Insurance premiums for U.S. travelers range from six to seven percent of the total trip cost, according to TravelInsurance.com, a site comparing various travel insurance plans, that looked at how much insurance cost travelers for the most popular international destinations during the 2015 holiday season. That generally varies from less than $100 to $400 for the average five- to seven-day trip.

Current events contribute to this shifting consumer behavior, but rising airline change and hotel cancellation fees, for example, also influenced this trend even before the Paris attacks or the Zika virus outbreak.
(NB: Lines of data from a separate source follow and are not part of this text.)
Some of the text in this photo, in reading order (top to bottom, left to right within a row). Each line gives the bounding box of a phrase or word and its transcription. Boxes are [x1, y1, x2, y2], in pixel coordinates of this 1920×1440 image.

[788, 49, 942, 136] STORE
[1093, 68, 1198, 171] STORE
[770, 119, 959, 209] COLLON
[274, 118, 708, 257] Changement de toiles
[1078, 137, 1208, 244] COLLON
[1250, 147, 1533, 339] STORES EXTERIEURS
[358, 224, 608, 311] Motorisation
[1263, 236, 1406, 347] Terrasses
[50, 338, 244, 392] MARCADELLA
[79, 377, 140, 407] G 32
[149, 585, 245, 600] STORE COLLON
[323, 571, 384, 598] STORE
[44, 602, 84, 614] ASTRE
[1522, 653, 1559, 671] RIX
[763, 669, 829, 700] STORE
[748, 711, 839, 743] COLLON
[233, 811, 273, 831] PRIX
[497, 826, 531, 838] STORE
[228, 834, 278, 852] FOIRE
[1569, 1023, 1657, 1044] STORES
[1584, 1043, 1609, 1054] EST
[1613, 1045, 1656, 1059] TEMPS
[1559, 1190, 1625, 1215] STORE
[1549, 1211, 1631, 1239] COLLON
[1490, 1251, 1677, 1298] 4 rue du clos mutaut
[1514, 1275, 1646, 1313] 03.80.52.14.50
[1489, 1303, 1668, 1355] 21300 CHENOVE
“Unfortunately Europe used to be one of those places where Americans didn’t think they needed travel insurance but now that’s changed,” said Christina Tunnah, business development and marketing manager for the Americas for World Nomads, a site helping travelers decide what kind of travel insurance they should buy based on their destinations. “That’s not necessarily because of volcanoes or terrorists attacks but also because of cancelled flights and delays that are happening more and more.”

Selling Travel Insurance

Allianz Global Assistance, Allianz’s travel insurance arm which insures 21 million travelers, runs weekly Twitter Chats with travel blogger influencers. It’s found that one of the top reasons why many travelers forgo travel insurance is complex policy language and complicated claims processes. Pitching the benefits in under 140 characters helps with that.

Travelers also want faster claim reimbursements. To simplify matters, Allianz now processes and reimburses all claims within 10 days compared to the weeks or months it used to take.
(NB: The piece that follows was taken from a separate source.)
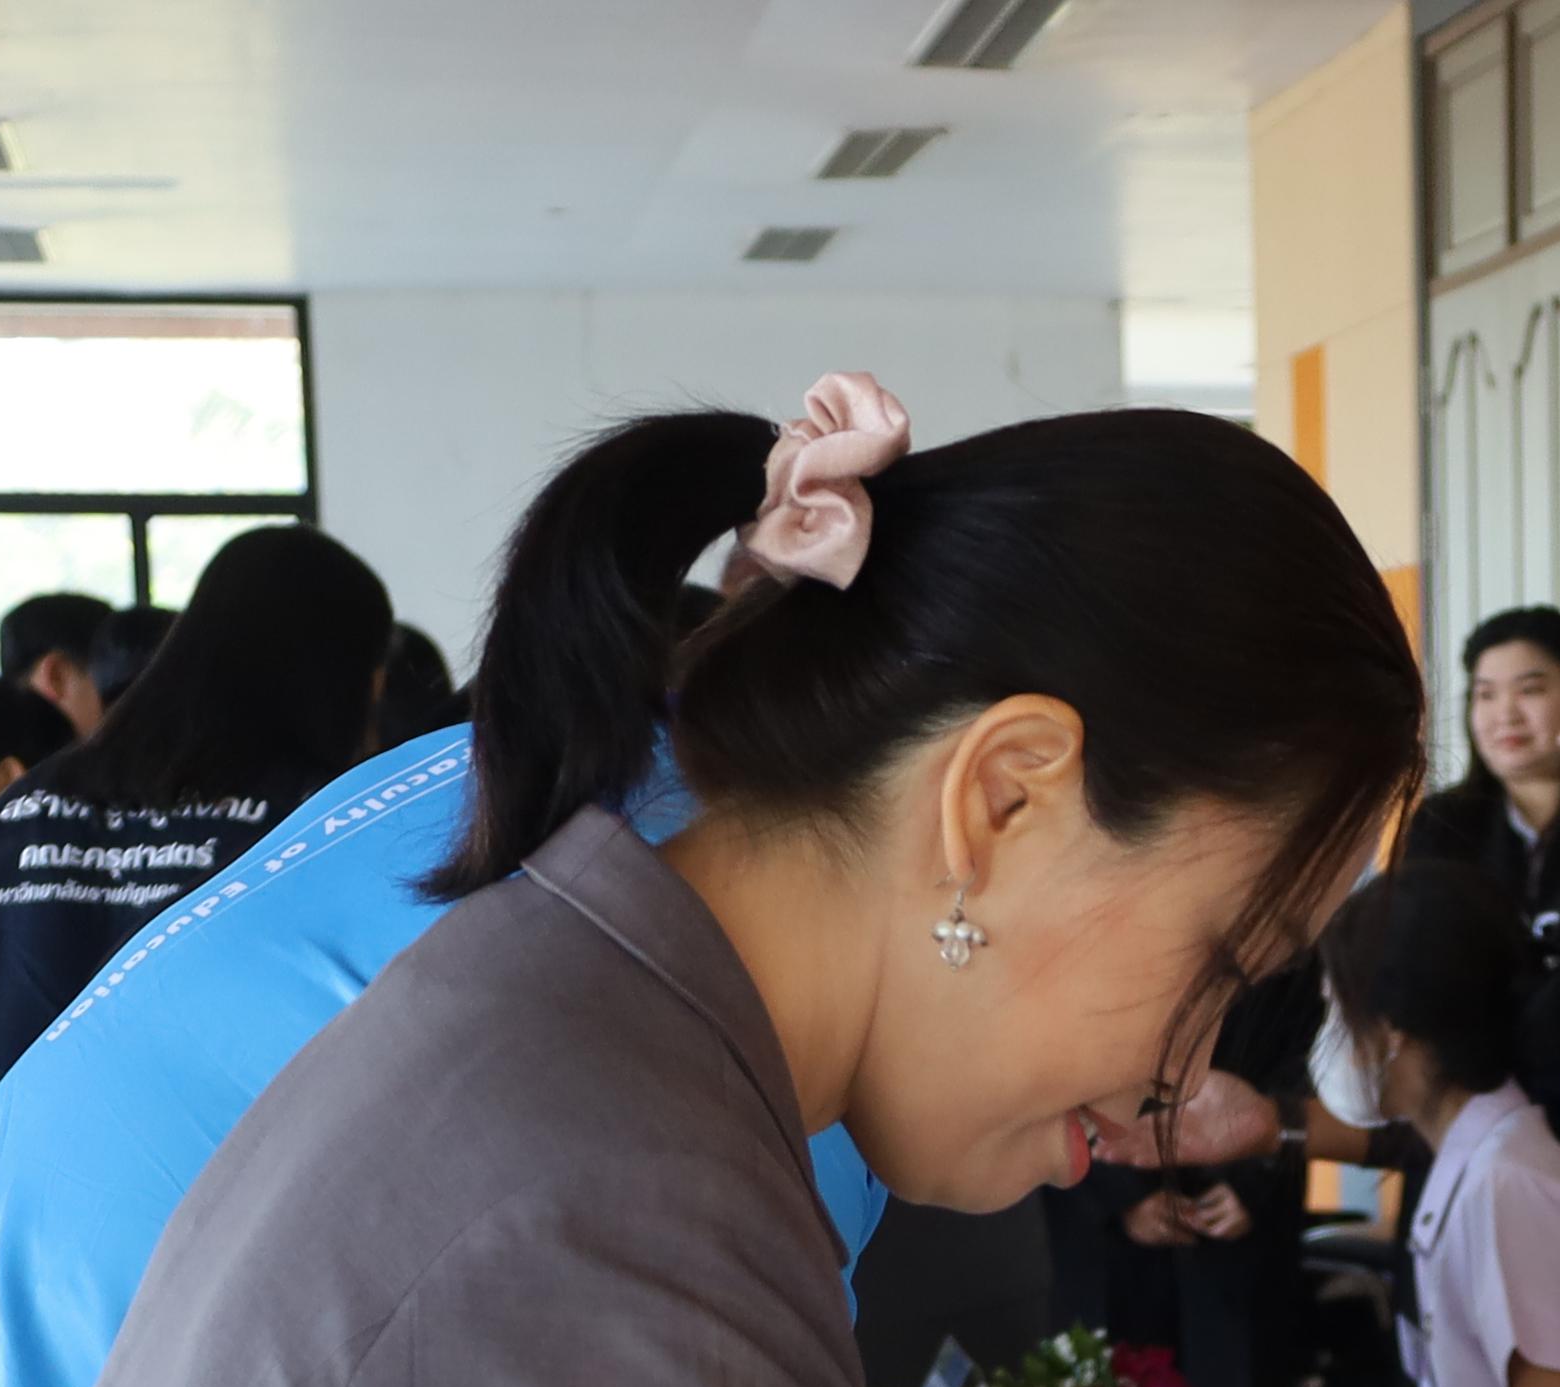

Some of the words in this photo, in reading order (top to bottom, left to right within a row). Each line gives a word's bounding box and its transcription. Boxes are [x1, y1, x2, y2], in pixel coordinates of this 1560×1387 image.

[18, 836, 220, 878] คณะครุศาสตร์
[264, 841, 308, 874] of
[45, 882, 248, 1042] Education
It’s also seen more demand from business travelers during the past year and recently signed on with Hickory Global Partners, a company connecting travel management companies with insurance providers, to help fulfill this need.

“Most business travelers aren’t concerned about insurance because their companies are paying for them anyways,” said Dan Durazo, a spokesperson for Allianz Global Assistance. “But they still want to be more protected with everything going on in the world. Our business traveler insurance plans only cover travelers post departure, nothing before the trip, so for things like medical or in-destination emergencies.”
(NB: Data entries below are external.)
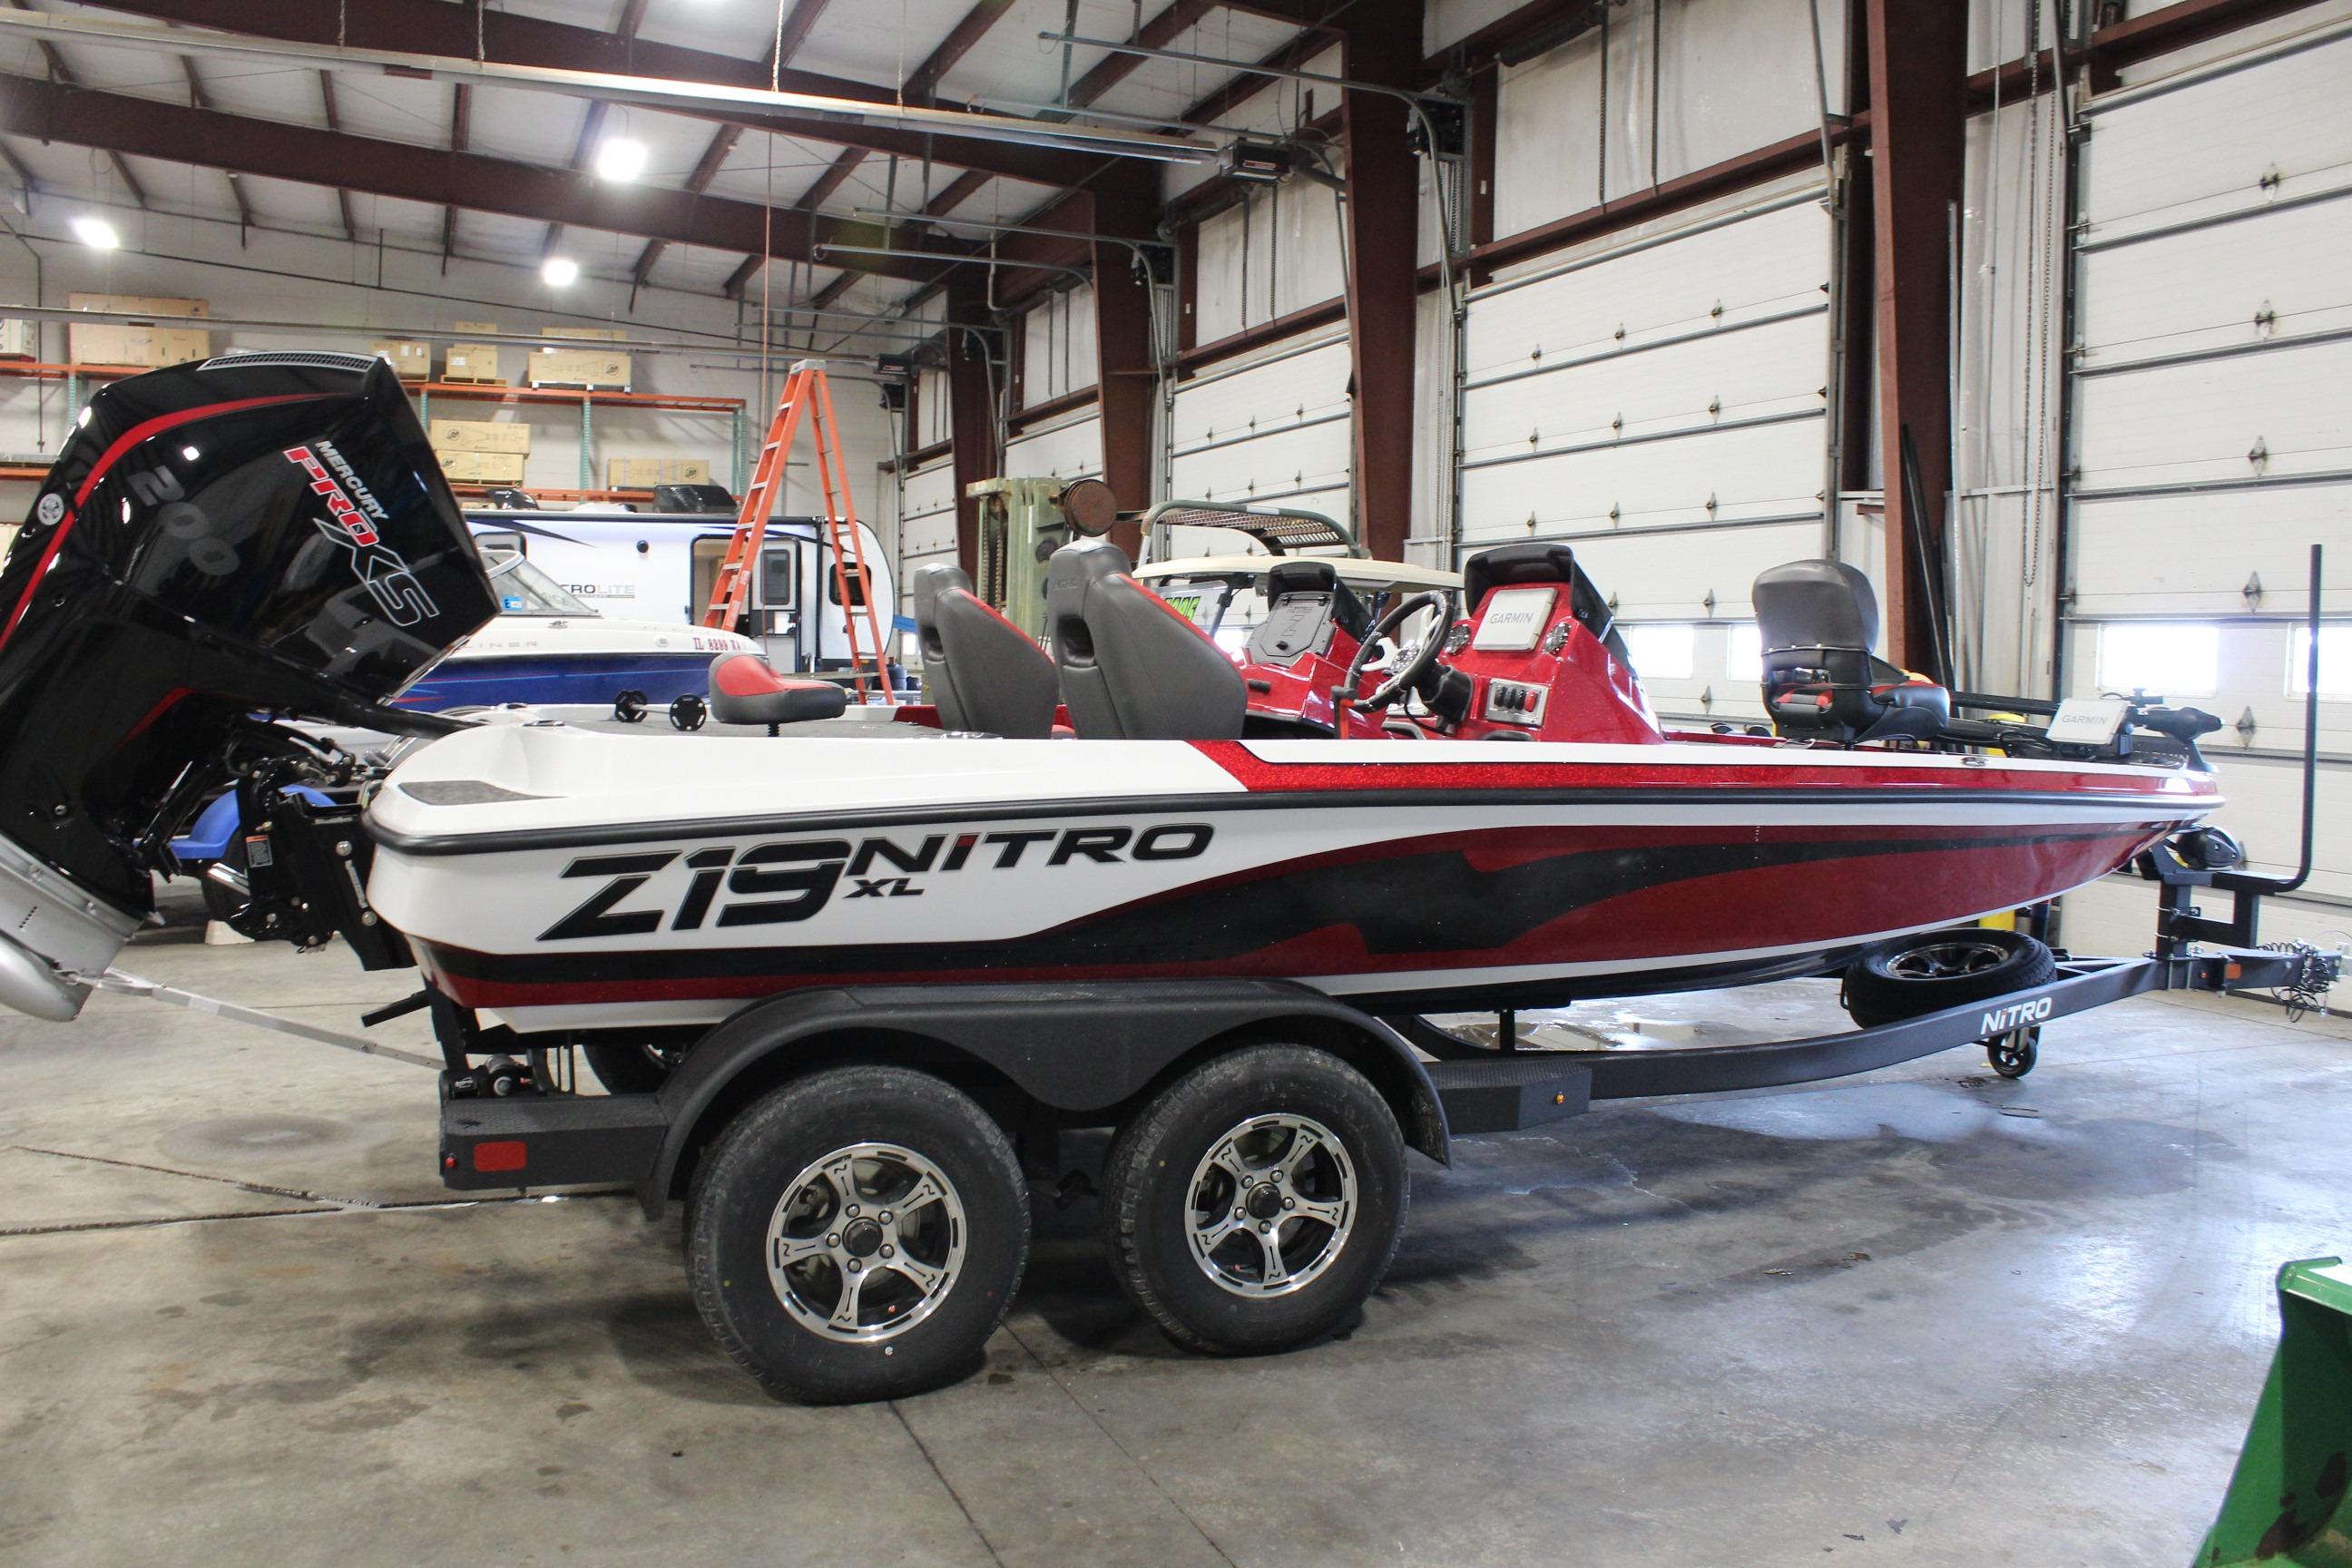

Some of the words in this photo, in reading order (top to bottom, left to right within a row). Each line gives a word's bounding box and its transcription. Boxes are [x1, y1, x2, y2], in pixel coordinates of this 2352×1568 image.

[126, 465, 240, 575] 200
[282, 446, 379, 547] PRO
[315, 440, 389, 519] MERCURY
[312, 509, 440, 626] XS
[1489, 612, 1534, 623] GARMIN
[2061, 714, 2109, 725] GARMIN
[535, 838, 852, 941] Z19
[843, 877, 925, 899] XL
Most travel insurance companies advocate for buying insurance at the time of booking instead of tacking it on at a later date before departure, “The sooner you buy insurance, the sooner your coverage kicks in,” said Durazo. “If you wait you’re risking the chance that you might not be covered.”

Part of why many travelers don’t opt in for insurance is how it’s sold online, often at the very end of the booking funnel directly before purchasing, “It’s very much a grudge purchase at the end,” said Phil Sylvester, a spokesperson for World Nomads. “You’re going through the steps, choosing your flights, various amenities and then at the very end you’re asked ‘oh by the way, here’s insurance if you want to be protected’ and you choose yes or no. There’s often nothing there explaining the value of insurance.”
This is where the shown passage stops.